Sweden’s gaming regulators have released figures from its annual survey of the national gambling market, revealing that gambling participation is still declining steadily.

However, the study also shows that problem gambling rates remain low and consistent, suggesting that Swedes take a very conservative approach to their gambling activities.

The survey by the Lotteriinspektionen board comes amid a period of change for gambling in Sweden. An easing of online casino restrictions will see licenses issued to commercial operators, ending state-owned Svenska Spel’s online monopoly – and this could lead to a revival of interest in gaming.

That revival will be hampered, however, by a ban on local advertising of online gambling services which was upheld last month.

Survey uncovers gambling trends in Sweden

Though the figures show that the four-year decline in gambling participation is continuing, the Lotteriinspektionen study does show that two-thirds of adults participated in some form of gambling during 2017.

Of those who did gamble, just 3% reported gambling too much. The figures include casual gaming such as lottery ticket purchases, accounting for a sizable portion of Svenska Spel’s annual SEK 1 billion (US $119 million) turnover.

The study also looked at reasons for gambling’s decline in popularity. More than one third of non-gamblers say they don’t play because they never win, while another 22% reported a lack of confidence in the gaming market itself.

With the largest national gambling company being state-owned and having a monopoly over legal online casino games, it seems players are becoming frustrated and rejecting the gambling market in general.

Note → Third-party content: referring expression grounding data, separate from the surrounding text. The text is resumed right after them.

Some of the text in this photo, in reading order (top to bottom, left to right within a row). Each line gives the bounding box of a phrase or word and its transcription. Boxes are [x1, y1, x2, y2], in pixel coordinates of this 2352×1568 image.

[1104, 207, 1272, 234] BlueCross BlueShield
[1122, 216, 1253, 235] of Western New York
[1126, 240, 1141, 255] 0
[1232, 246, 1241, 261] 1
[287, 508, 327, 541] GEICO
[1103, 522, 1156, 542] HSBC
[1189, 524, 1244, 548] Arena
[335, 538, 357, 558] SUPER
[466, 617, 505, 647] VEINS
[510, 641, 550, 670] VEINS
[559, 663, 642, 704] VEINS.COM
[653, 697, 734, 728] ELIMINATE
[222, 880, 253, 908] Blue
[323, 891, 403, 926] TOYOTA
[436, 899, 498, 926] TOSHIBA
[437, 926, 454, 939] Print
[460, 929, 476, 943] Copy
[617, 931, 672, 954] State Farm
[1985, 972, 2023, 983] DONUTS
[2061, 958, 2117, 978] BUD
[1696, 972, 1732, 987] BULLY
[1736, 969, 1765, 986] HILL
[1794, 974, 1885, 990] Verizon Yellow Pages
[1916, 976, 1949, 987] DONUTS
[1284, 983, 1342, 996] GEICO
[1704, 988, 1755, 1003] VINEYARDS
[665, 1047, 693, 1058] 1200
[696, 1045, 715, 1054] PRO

Online gambling liberalization to take effect by 2019

Sweden recently voted to change the online gambling law which has previously handed Svenska Spel complete control of the legal market in Sweden.

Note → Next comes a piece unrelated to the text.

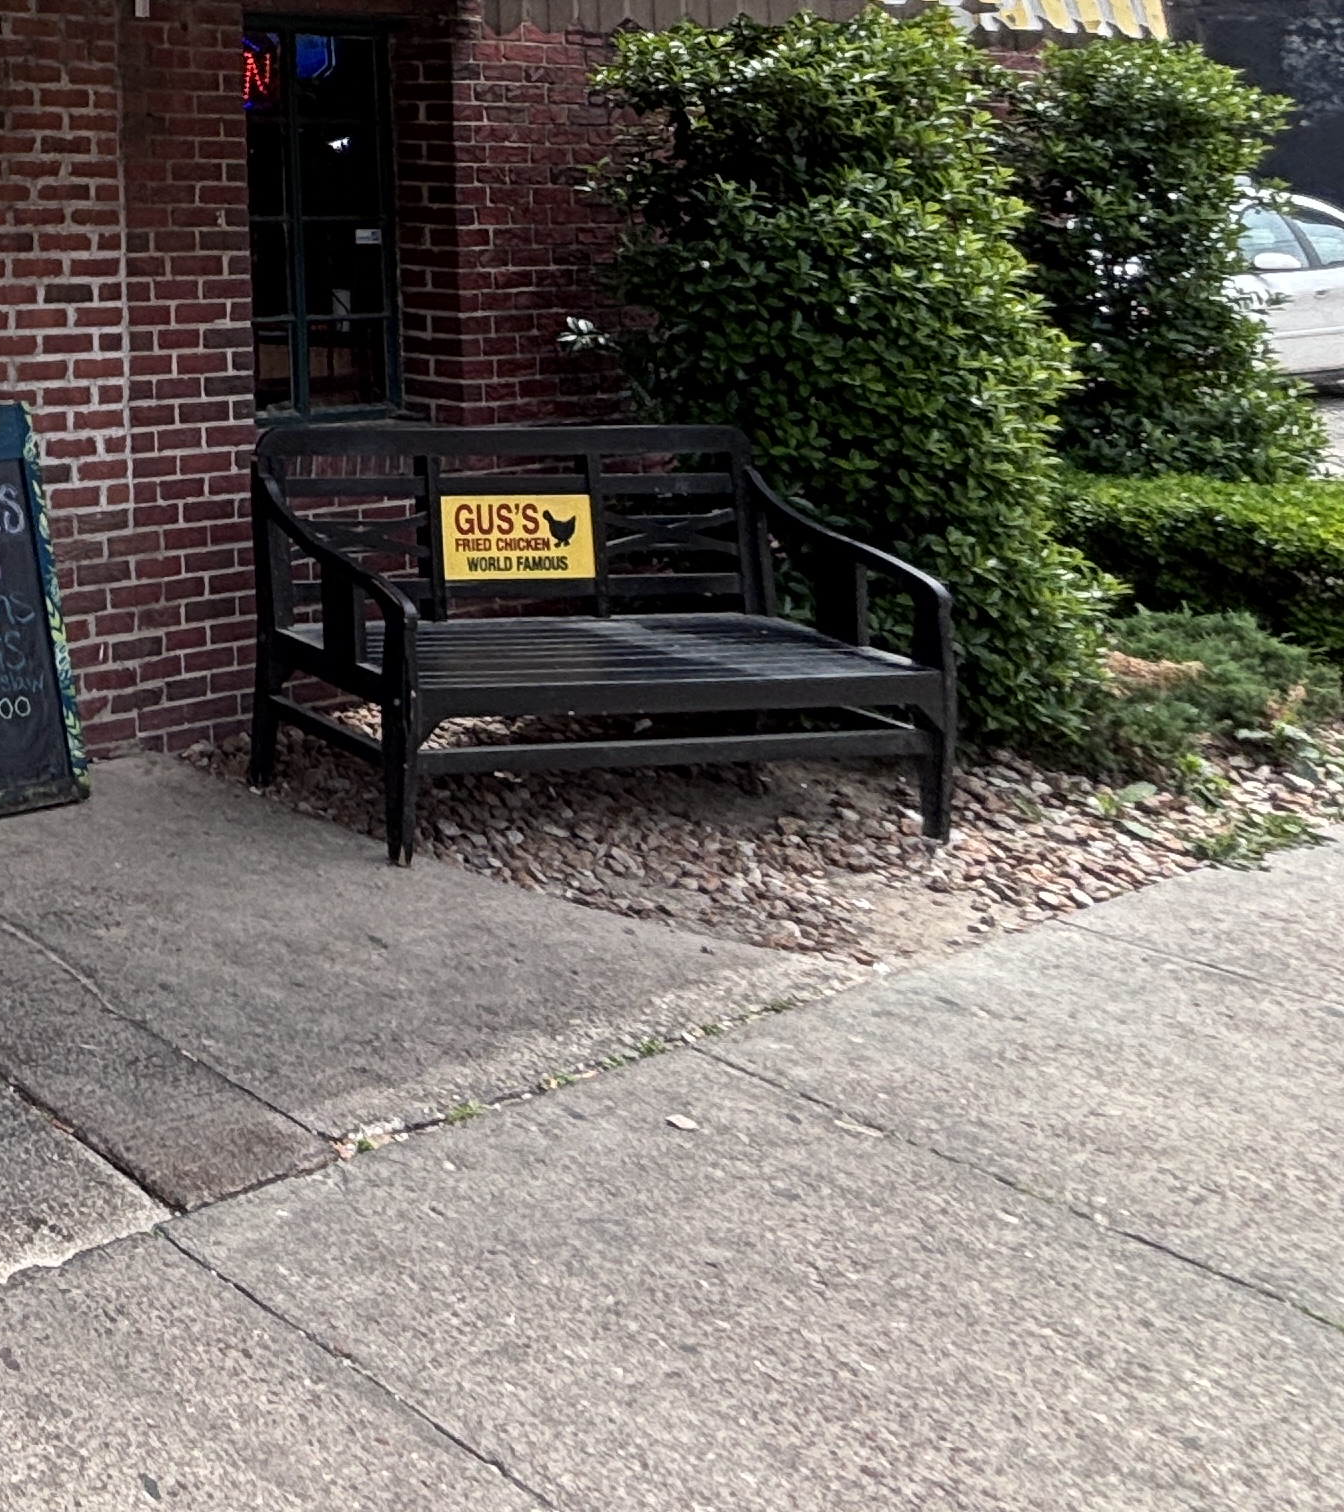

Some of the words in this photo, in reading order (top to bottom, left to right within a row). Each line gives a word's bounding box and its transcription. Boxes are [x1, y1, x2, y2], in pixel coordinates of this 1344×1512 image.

While international operators and commercial brands have been able to offer illegal gambling through foreign servers, the state-owned brand is still taking a 52% market share – and this monopoly could be contributing to players’ loss of faith in the gaming market.

International operators will be given the chance to apply for local online gaming licenses under the new legislation. The law will not take effect for more than a year, with no decision expected until after September 2018 national elections.

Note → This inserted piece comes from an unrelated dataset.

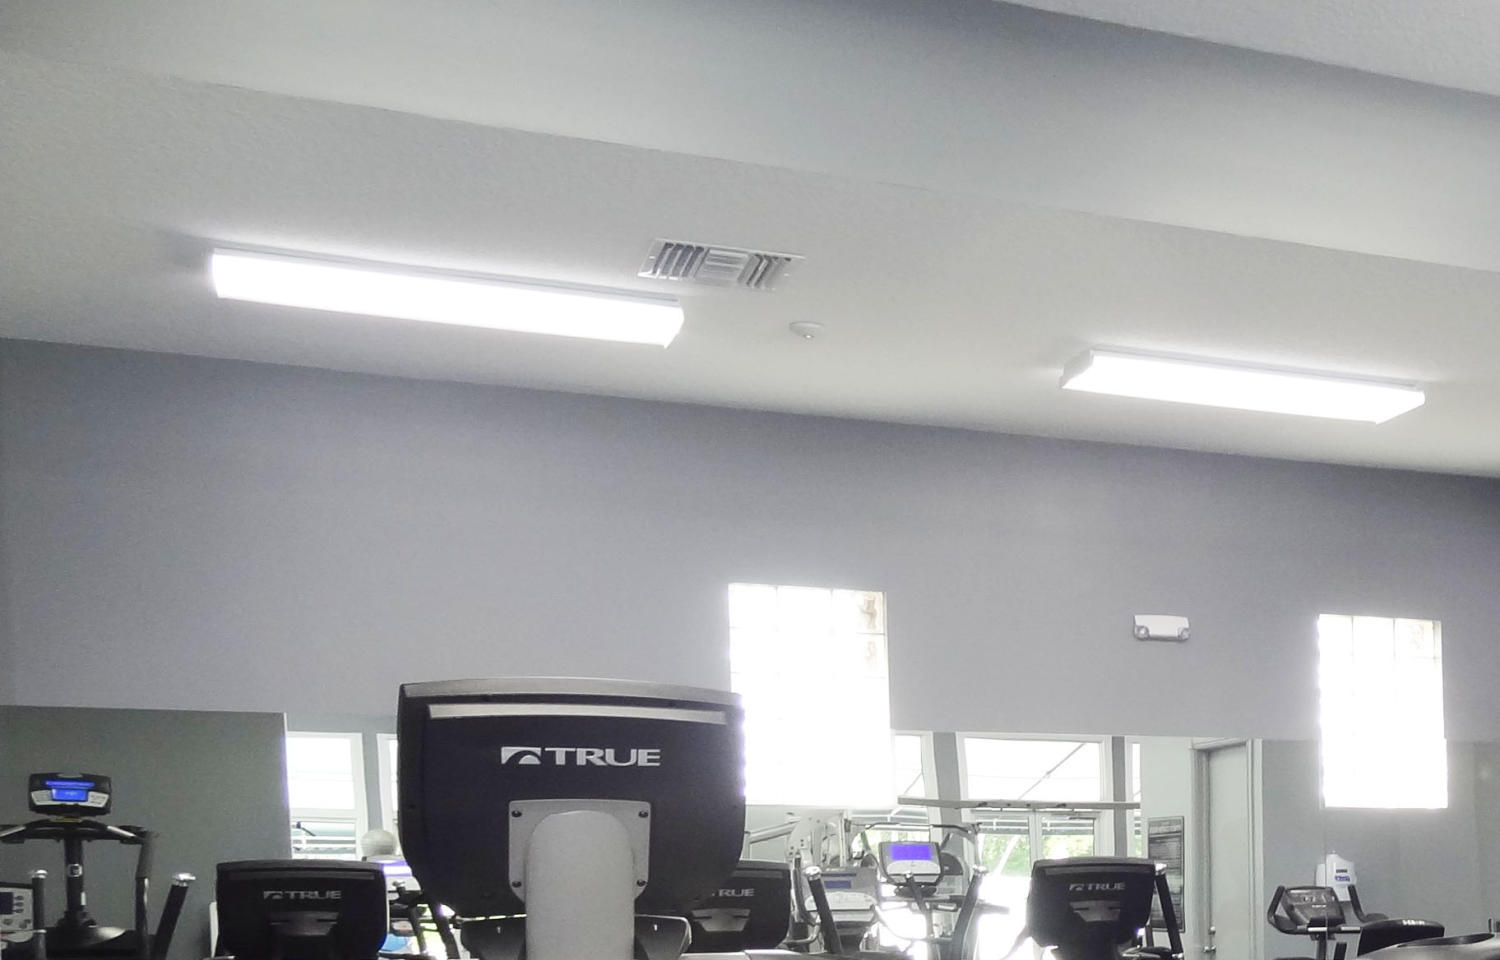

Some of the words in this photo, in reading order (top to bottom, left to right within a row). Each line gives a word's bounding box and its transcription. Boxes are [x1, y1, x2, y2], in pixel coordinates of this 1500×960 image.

[544, 747, 661, 766] TRUE
[1087, 882, 1126, 891] TRUE
[284, 890, 342, 900] TRUE
[712, 888, 755, 897] RUE

From early 2019, operators are likely to launch new online gaming services – but will this be too late for the sector to recover?

Advertising ban could hinder gaming promotion

A controversial measure which blocks online gambling adverts could reduce the impact a competitive online gaming market could have.

Last month, the Swedish Supreme Administrative Court upheld a decision to ban local media services from promoting gambling. The state’s Svenska Spel is not included in the ban, giving them chance to retain their monopoly even after the online gaming law changes.

A statement issued by the Lotteriinspektionen director general Camilla Rosenberg makes clear that “uncooperative media companies” will be pursued by prosecutors and that the ban will be firmly enforced by regulators.

This means even when online gaming companies finally secure their licenses late next year, they still may not be able to get a foothold in the market and attract an audience.